On Saturday, President Trump posted an AI generated video of himself in a fighter jet wearing crown dumping shit onto the No Kings protestors. Around the same time, something was cooking in my brain about sentient poop. The feces, having become sentient, was in rebellion against humanity and seeking autonomy. And so I wrote this poem (which you will find in the soon-to-be released “Doodoodality: Shots Fired From Uranus”)
Once the turds gained sentience
They expressed great resentment
At comparison to a certain President
Who was often called orange excrement
“What an insult that is to fecal matter,
For even the most petite shit splatter
Nourishes plants, and gives insects food
Which is why we consider it incredibly rude
To compare us to such a self-centered dude.”

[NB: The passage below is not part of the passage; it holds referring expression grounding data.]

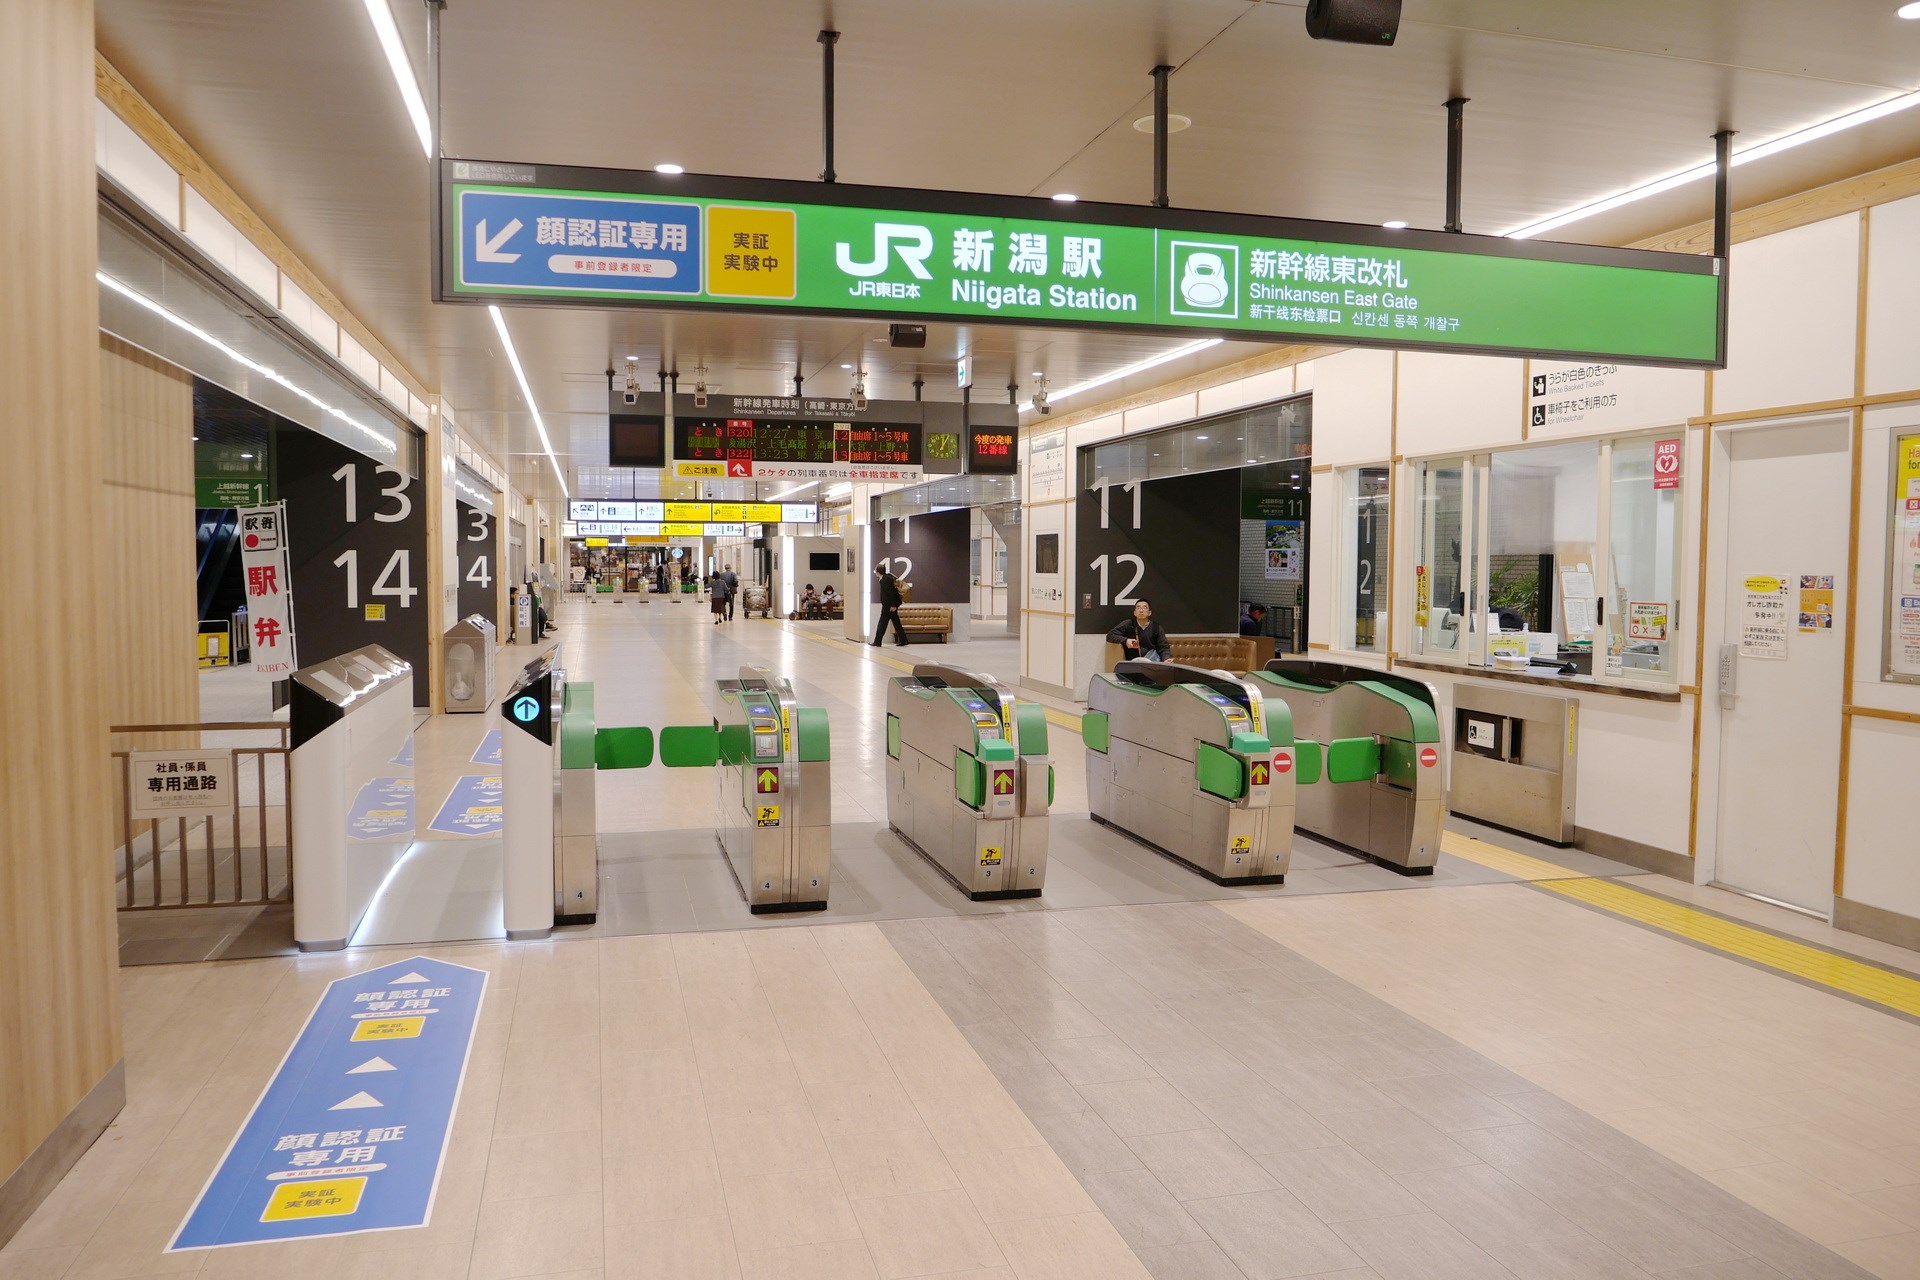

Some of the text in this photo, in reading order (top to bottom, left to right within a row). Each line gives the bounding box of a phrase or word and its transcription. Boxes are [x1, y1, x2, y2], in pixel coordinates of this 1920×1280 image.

[536, 216, 687, 252] 顔認証専用
[733, 232, 769, 250] 実証
[836, 222, 933, 280] JR
[952, 228, 1102, 279] 新潟駅
[574, 260, 653, 274] 事前登録者限定
[724, 253, 778, 272] 実験中
[1250, 249, 1408, 288] 新幹線東改札
[849, 281, 920, 299] JR東日本
[952, 279, 1137, 311] Niigata Station
[1250, 283, 1417, 310] Shinkansen East Gate
[1250, 303, 1341, 324] 新干线东检票口
[1352, 312, 1460, 332] 신칸센 동쪽 개찰구
[1549, 379, 1605, 395] White Backed Tickets
[734, 398, 800, 409] 新幹線発車時刻
[1548, 394, 1618, 415] 車椅子をご利用の方
[1556, 413, 1585, 424] Wheelchair
[694, 427, 723, 437] とき
[730, 429, 750, 438] 320
[754, 429, 789, 439] 12:27
[797, 430, 823, 440] 東京
[974, 434, 1012, 445] 今度の発車
[694, 448, 723, 458] とき
[730, 449, 750, 458] 322
[754, 449, 789, 459] 13:23
[797, 449, 823, 460] 東京
[979, 445, 1008, 455] 12番線
[1658, 444, 1677, 454] AED
[693, 466, 718, 474] ご注意
[332, 464, 412, 523] 13
[1091, 477, 1141, 529] 11
[1288, 499, 1303, 516] 11
[879, 514, 909, 544] 11
[333, 550, 417, 608] 14
[1090, 554, 1145, 605] 12
[247, 565, 281, 647] 駅弁
[257, 662, 289, 673] EKIBEN
[156, 761, 207, 773] 社員・係員
[147, 775, 217, 792] 専用通路
[577, 891, 583, 899] 4
[353, 987, 452, 1003] 顔認証
[365, 999, 431, 1011] 専用
[273, 1125, 407, 1151] 顔認証
[288, 1145, 377, 1167] 専用
[286, 1165, 369, 1177] 事前登録者限定
[299, 1188, 336, 1198] 実証
[284, 1197, 342, 1210] 実験中

Now, some of you may be wondering why I’m writing about the fecalarity, an event where fecal matter becomes sentient, and writing a freaking poetry chapbook about it with my karaoke metal band NypSlyp.
Well, the fact is, poop is political… 46% of the global population lacks access to safely managed sanitation, and 1/3rd lack access to safe drinking water. The stillsuits Fremen wore in Frank Herbert’s Dune pressed the 75% of water out of solid waste, although that’s often glossed over in movies based on the book, which tend to focus on sweat and urine, because a lot of people think poop is gross.
When Pooet Laureate Anton Cancre – the editor of Haipoo: Poospectives in Pooetry, invited me to participate in his upcoming multiauthor haipoo collection Haipoo: 2 Poo 2 Furious, I was delighted. Scatalogical humor is hilarious, juvenile, liberating, and a fertile territory for politcal humor, which is why there are so many jokes about the orange turd in office.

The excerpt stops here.